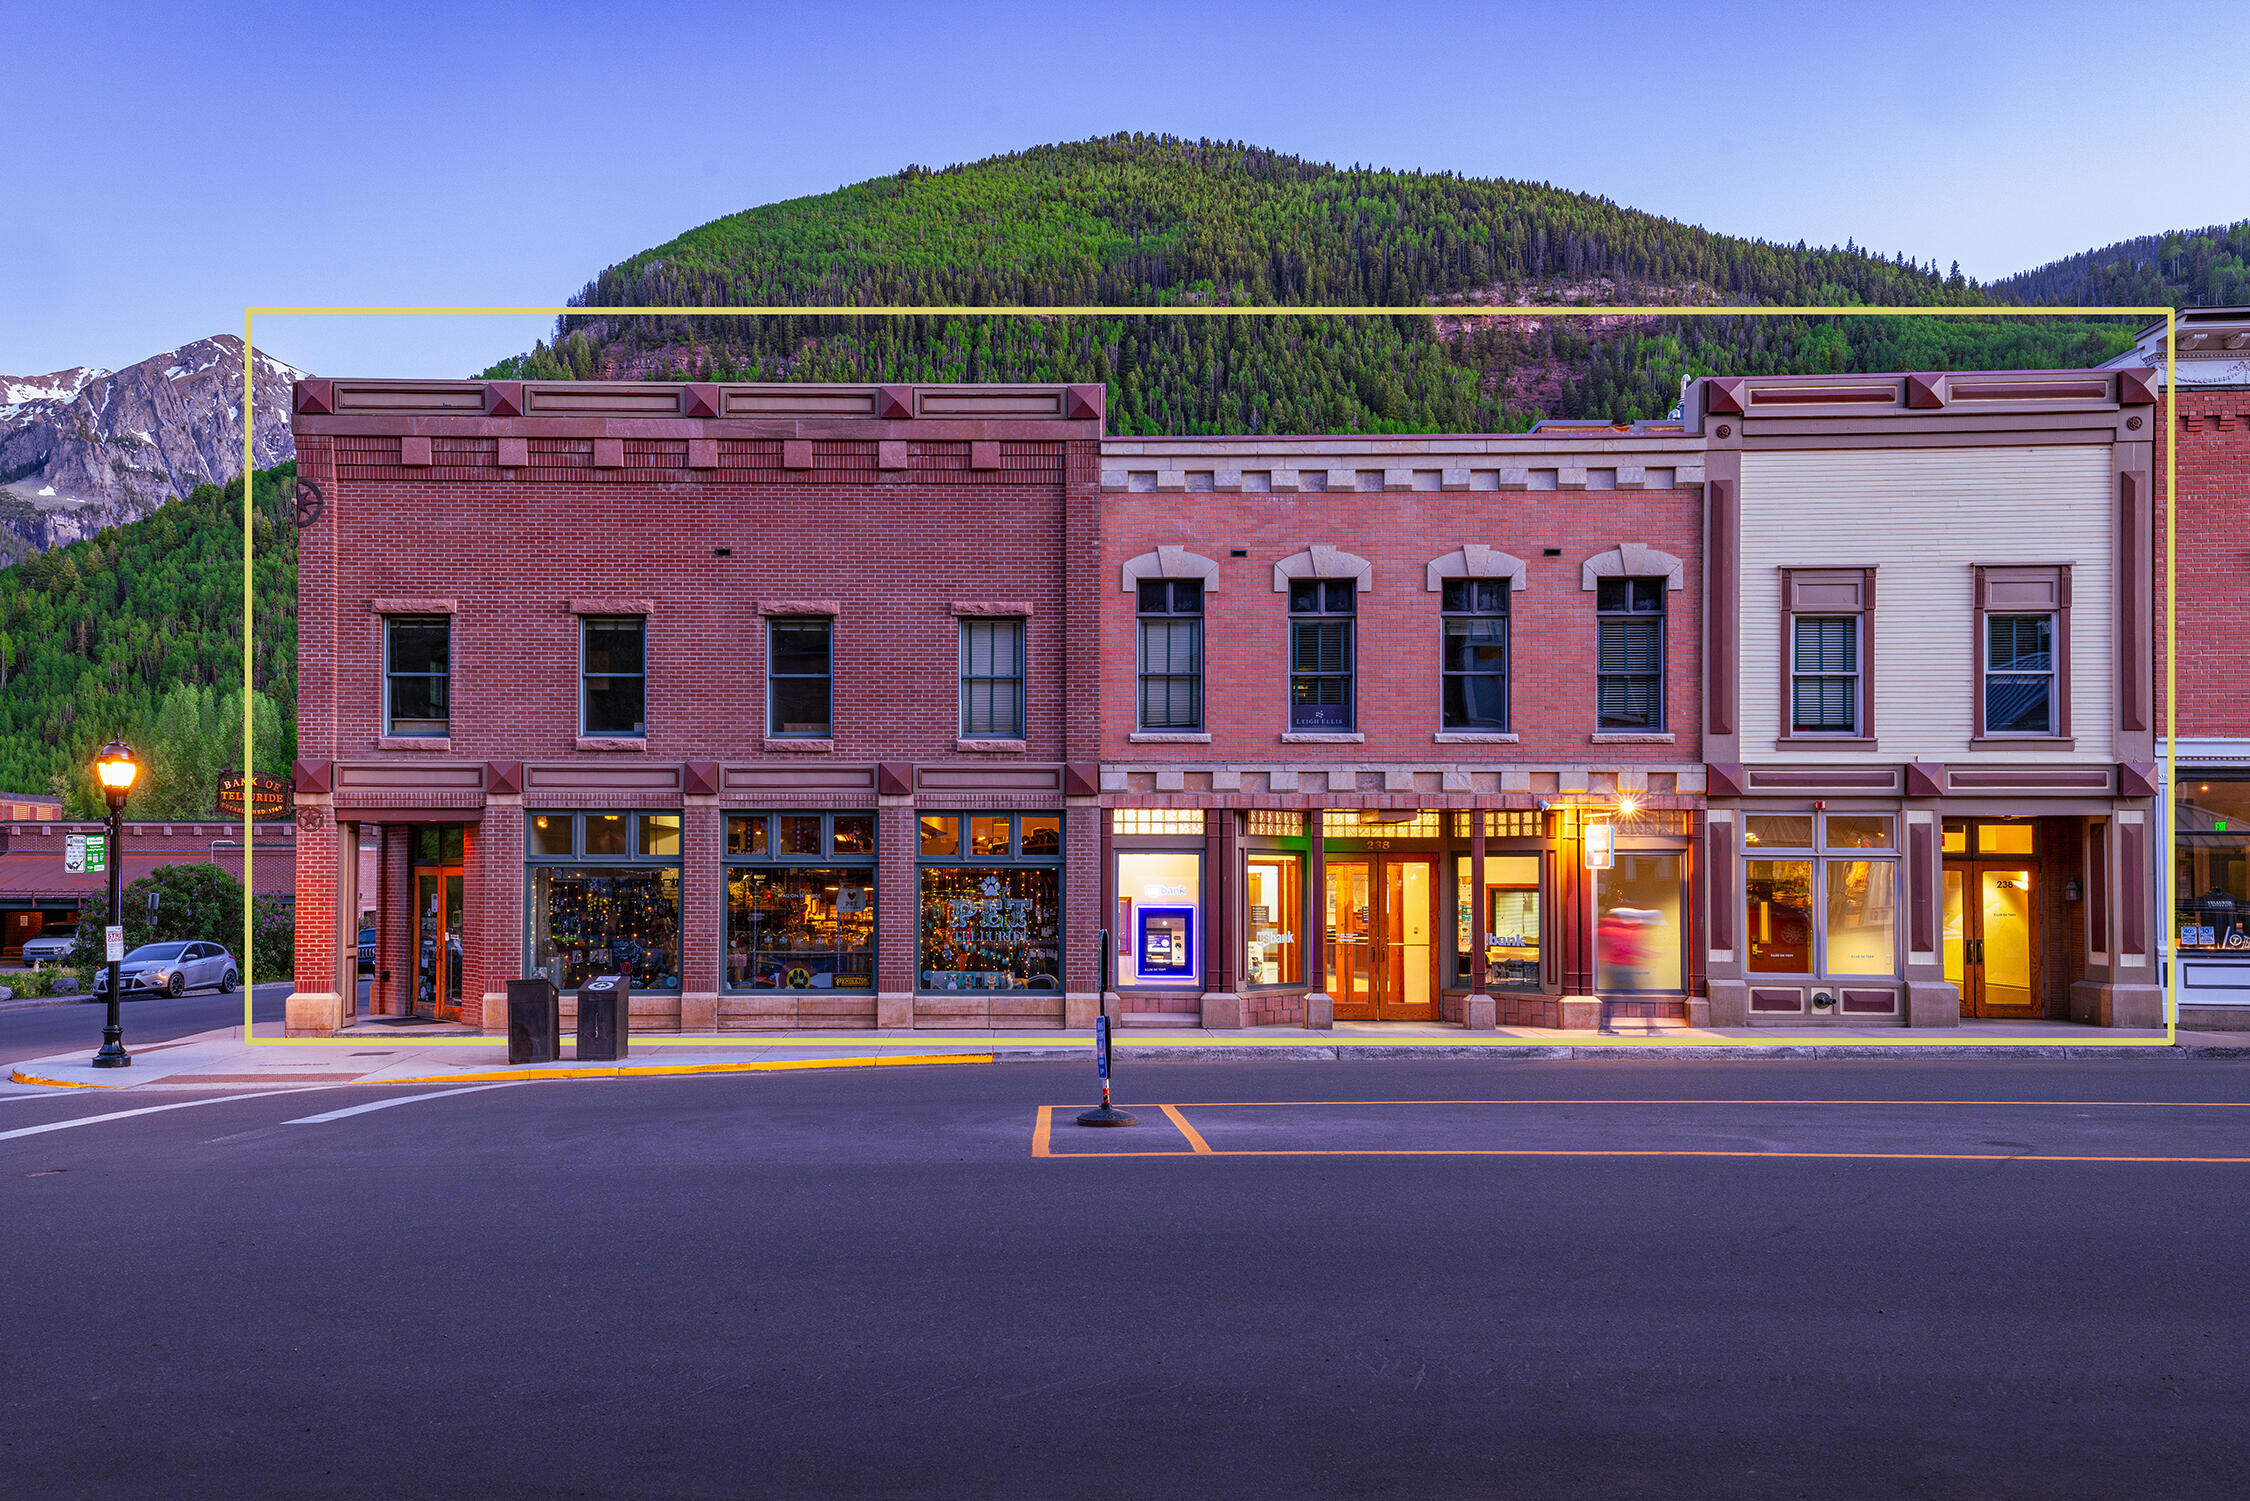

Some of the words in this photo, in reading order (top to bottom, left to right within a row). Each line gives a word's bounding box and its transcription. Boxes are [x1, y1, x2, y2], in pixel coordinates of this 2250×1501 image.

[265, 780, 281, 793] OF
[1996, 880, 2014, 889] 238
[949, 898, 1033, 928] PET
[953, 930, 1032, 942] TELLURIDE
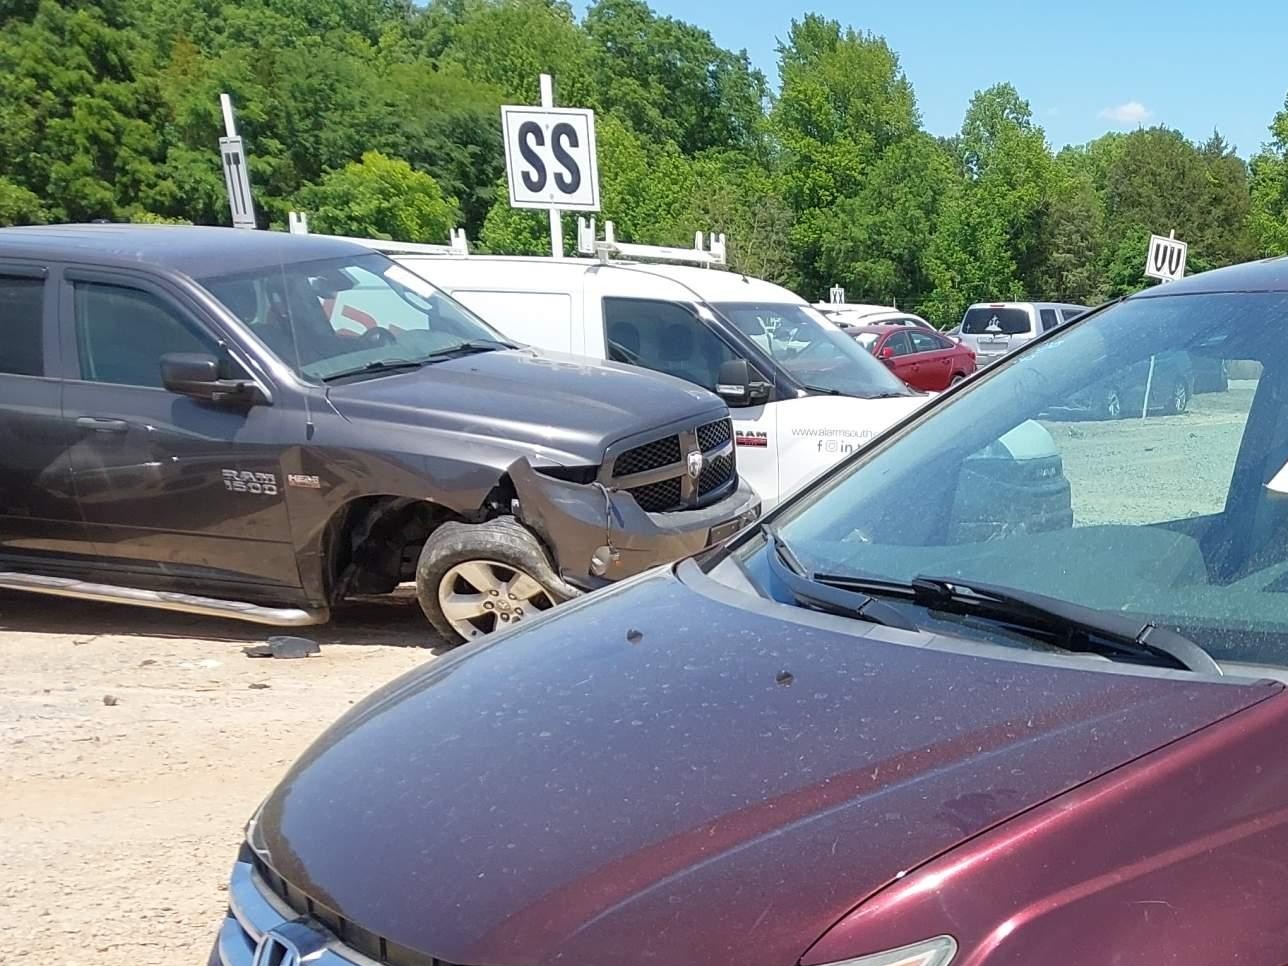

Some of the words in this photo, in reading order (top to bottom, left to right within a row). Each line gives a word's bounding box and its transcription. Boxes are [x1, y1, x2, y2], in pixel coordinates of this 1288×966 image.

> The problem:
Make an exact copy of the records above, with the pictures left out.

> Solution to the problem:
Some of the words in this photo, in reading order (top to bottom, left to right within a row). Each line gives a word's bounding box and its transcription. Boxes are [x1, y1, x2, y2], in pixel coordinates of this 2250×1501 image.

[265, 780, 281, 793] OF
[1996, 880, 2014, 889] 238
[949, 898, 1033, 928] PET
[953, 930, 1032, 942] TELLURIDE

Some of the words in this photo, in reading order (top to bottom, left to right within a row). Each line gives a word's bounding box and its transcription. Boxes are [x1, y1, x2, y2], in pixel coordinates of this 1288×966 image.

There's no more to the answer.